Knowing your framerate matters, but knowing your bottleneck matters more.

Built-in Options:

The Xbox Game Bar provides performance overlays without additional software, though it’s somewhat bulky. Both AMD and Nvidia drivers include cleaner FPS counters activated via hotkeys, with Nvidia also displaying latency data.

Advanced Monitoring:

MSI Afterburner offers the most comprehensive statistics, including CPU speeds, RAM usage, and per-core utilization. Use this data to identify bottlenecks.

If GPU usage sits at 97% or higher, your graphics card limits performance. Lower GPU usage typically indicates CPU limitation, though don’t be fooled by low overall CPU percentages on multi-core processors since games often stress only a few cores.

Watch RAM and VRAM usage too. Either hitting maximum capacity causes serious performance problems.

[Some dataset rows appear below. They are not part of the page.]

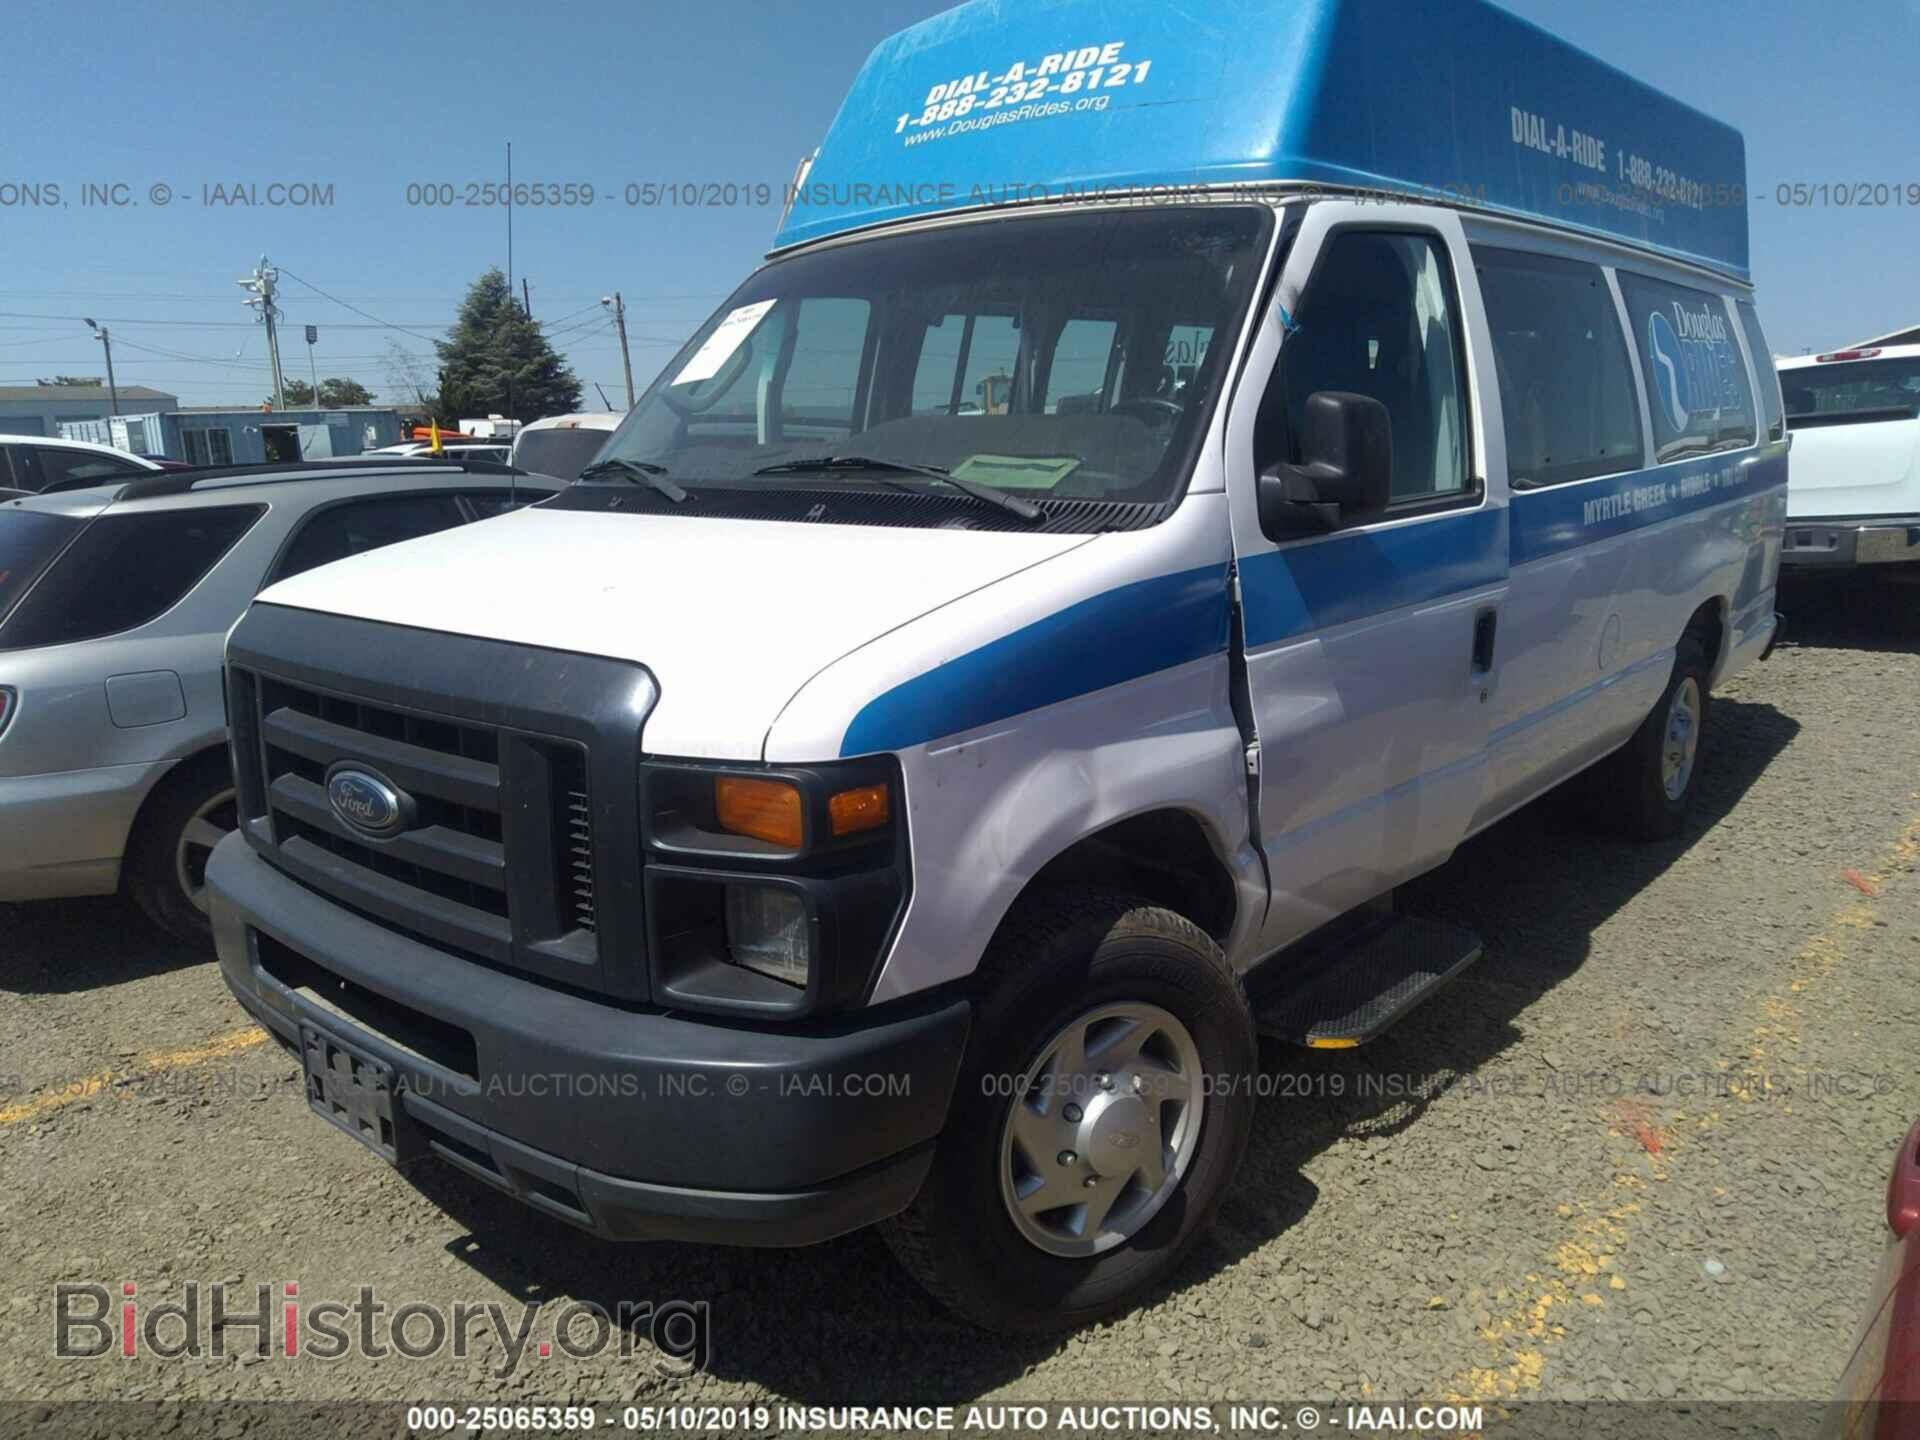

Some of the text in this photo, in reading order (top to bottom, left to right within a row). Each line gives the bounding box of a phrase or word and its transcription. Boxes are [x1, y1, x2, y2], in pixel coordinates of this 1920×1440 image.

[894, 60, 1153, 134] 1-888-232-8121
[924, 41, 1125, 106] DIAL-A-RIDE
[904, 95, 1111, 147] www.DouglasRides.org
[1510, 106, 1606, 172] DIAL-A-RIDE
[1671, 301, 1728, 350] Douglas
[1583, 492, 1632, 526] MYRTLE

Configure variable refresh rate correctly

FreeSync and G-Sync make games smoother by synchronizing your display’s refresh rate with your game’s framerate. But this requires proper configuration in both your monitor’s menu and your PC’s driver software.

Optimal VRR setup:

SettingConfiguration
Monitor VRREnabled in OSD menu
Driver VRREnabled in AMD/Nvidia control panel
In-game FPS limit2-3 FPS below refresh rate (e.g., 163 on 165Hz display)
V-SyncEnabled in game

This combination ensures smooth visuals without the input lag that occurs when framerates fluctuate above and below your refresh rate.

Exceptions exist for competitive multiplayer titles where every millisecond counts and framerates far exceed your refresh rate. In those cases, unlimited framerates may serve you better.

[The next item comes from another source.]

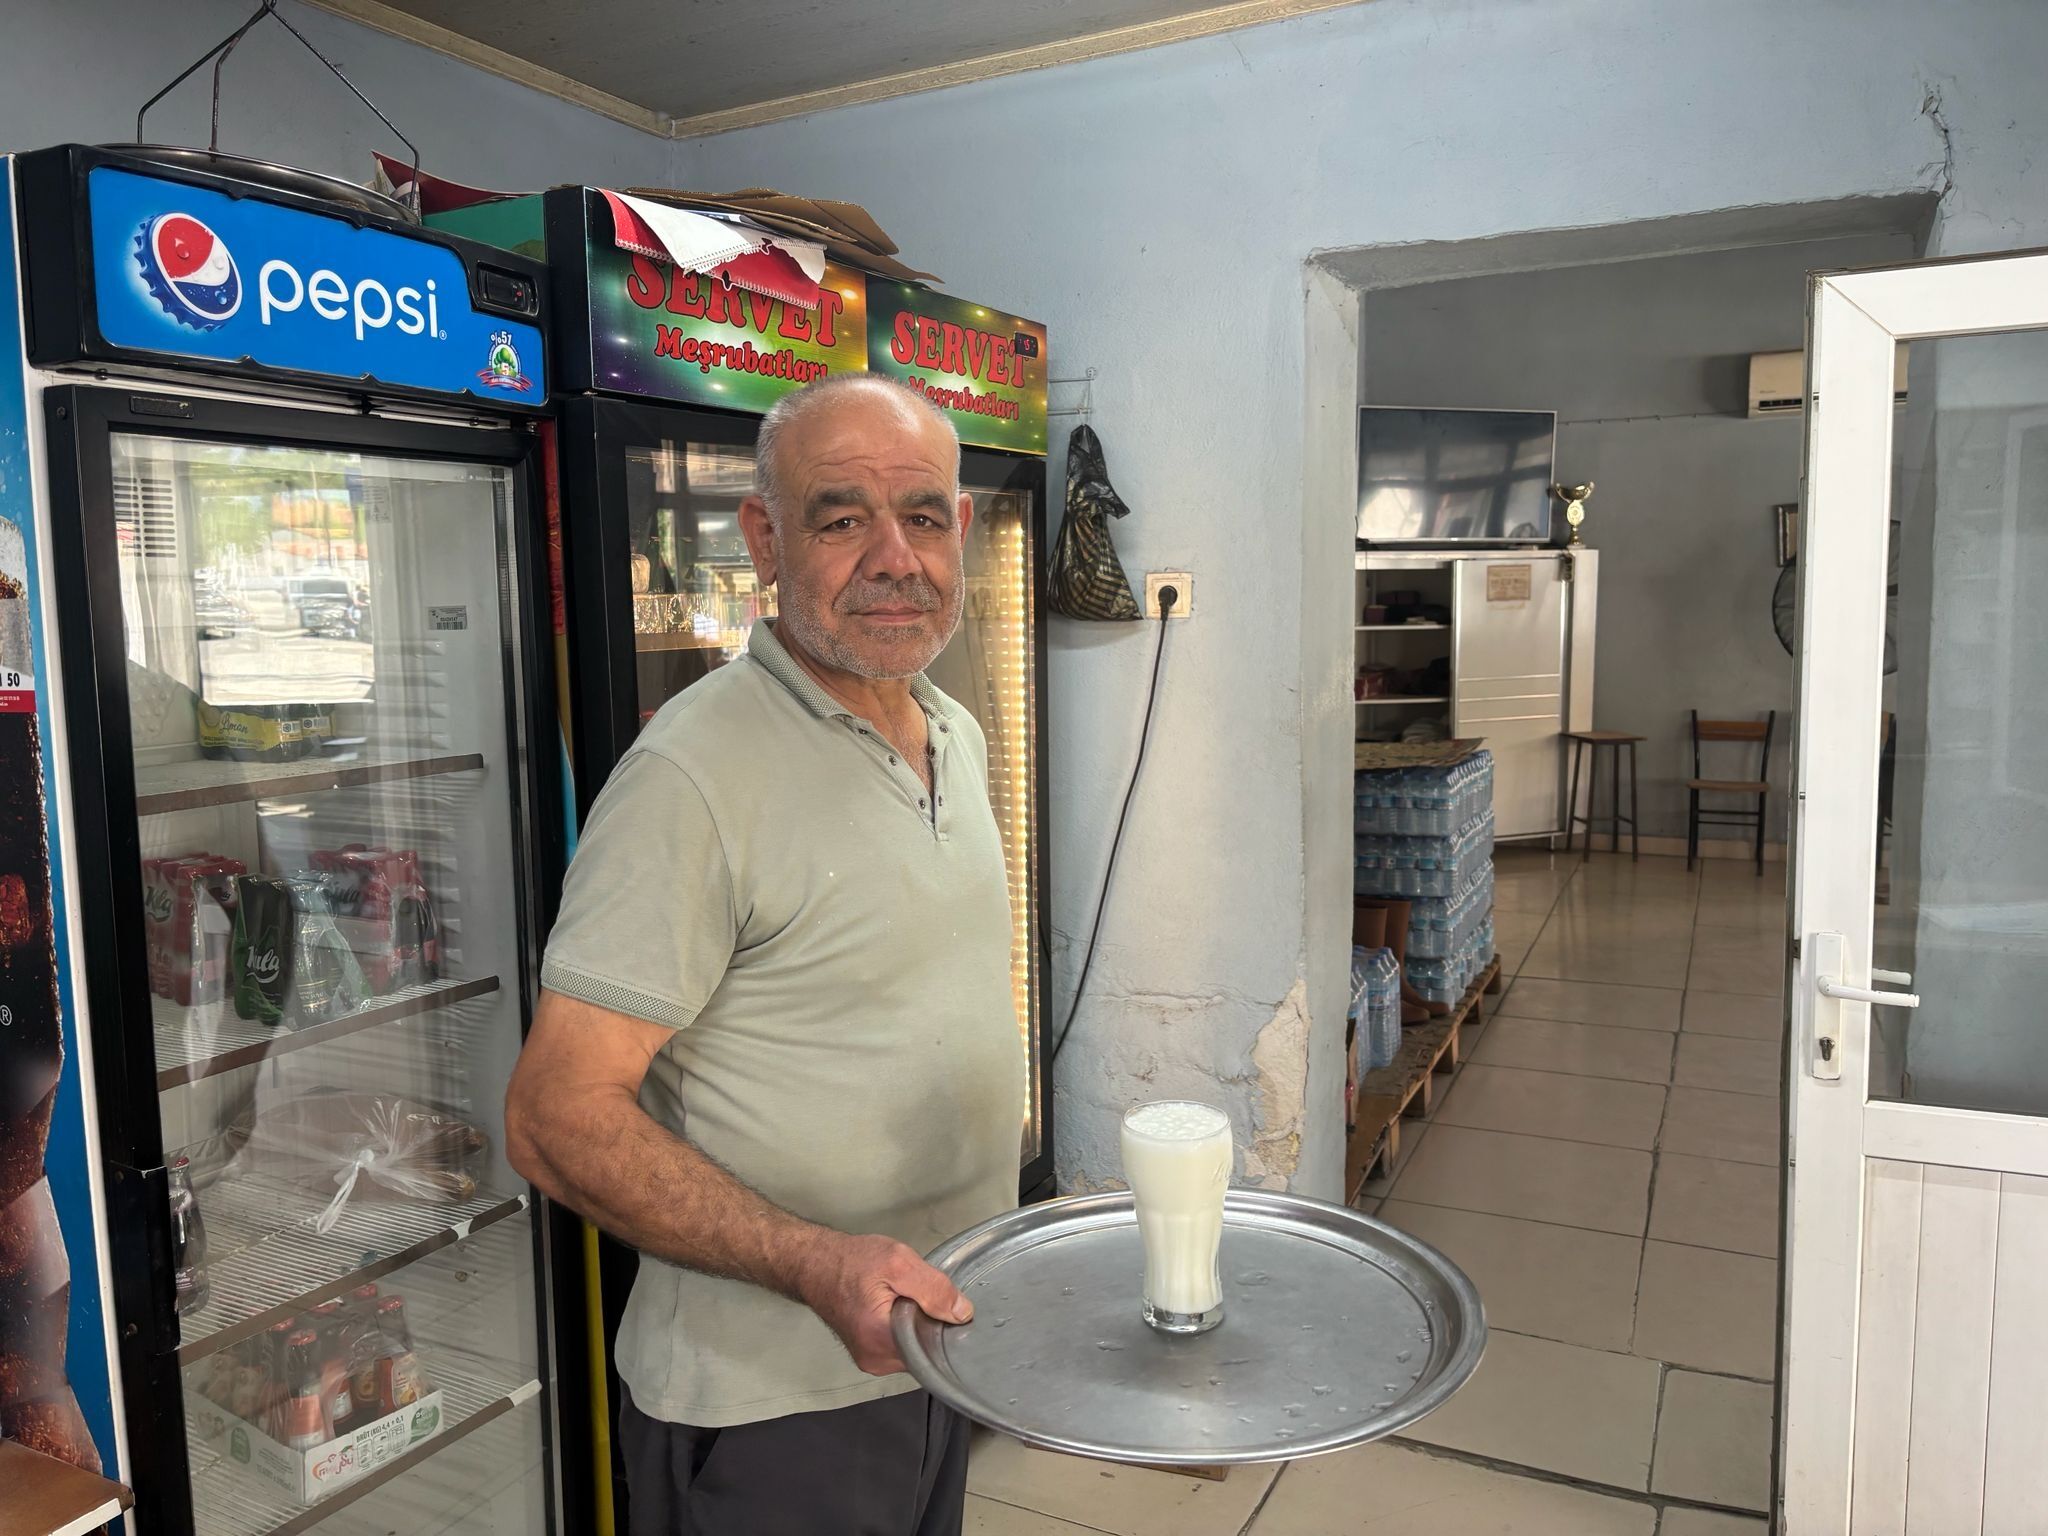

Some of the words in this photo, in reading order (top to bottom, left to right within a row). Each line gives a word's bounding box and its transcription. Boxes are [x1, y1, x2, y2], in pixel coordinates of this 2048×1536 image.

[259, 259, 438, 341] pepsi
[654, 324, 829, 384] Meşrubatları
[7, 672, 20, 687] 50

Explore mods and launch options

Many games benefit from simple tweaks outside the graphics menu.

Apex Legends accepts launch options in Steam or EA App that raise the FPS cap to 300, providing competitive advantages on high-refresh displays. Other games can be modified through INI files, the text documents storing your graphics settings.

Common INI tweaks include removing FPS caps, disabling unskippable intro videos, forcing hidden graphics options, and adjusting settings beyond what menus allow. Use Notepad++ for editing to avoid formatting issues.

Controller configuration tips

If you’re using an Xbox controller wirelessly, spring for the official Microsoft wireless adapter rather than relying on Bluetooth. Bluetooth connections tend toward flakiness, dropped inputs, and inconsistent vibration. The adapter runs about $30-35 and supports multiple controllers simultaneously.

Remember that PC gaming allows seamless switching between input methods. Keep your controller nearby during mouse-and-keyboard sessions. Games like Cyberpunk 2077 benefit from shooting with precision aim then switching to controller for driving sequences. Just pick up whichever input suits the moment.

Finally, explore Steam Big Picture mode by clicking the controller icon in Steam’s top right corner. This interface makes navigating Steam with a gamepad comfortable, particularly useful when your PC connects to a living room television.

Save money buying games

Steam offers the best platform experience, but not always the best prices. Check competing storefronts before purchasing.

Epic Games Store frequently offers cashback incentives. EA and Xbox have their own sales cycles. Third-party authorized retailers like Green Man Gaming often undercut Steam pricing on new releases.

Many of these stores provide Steam keys anyway, meaning you’re getting the Steam experience at a lower price. There’s no reason to pay full price when the same product costs less elsewhere.


PC gaming rewards those willing to dig beneath the surface. Every optimization, every shortcut mastered, every setting tweaked contributes to an experience that console players simply cannot replicate. The barrier to entry might seem higher, but the ceiling is limitless.

What PC gaming tips have transformed your experience, and which settings do you consider non-negotiable on every new build?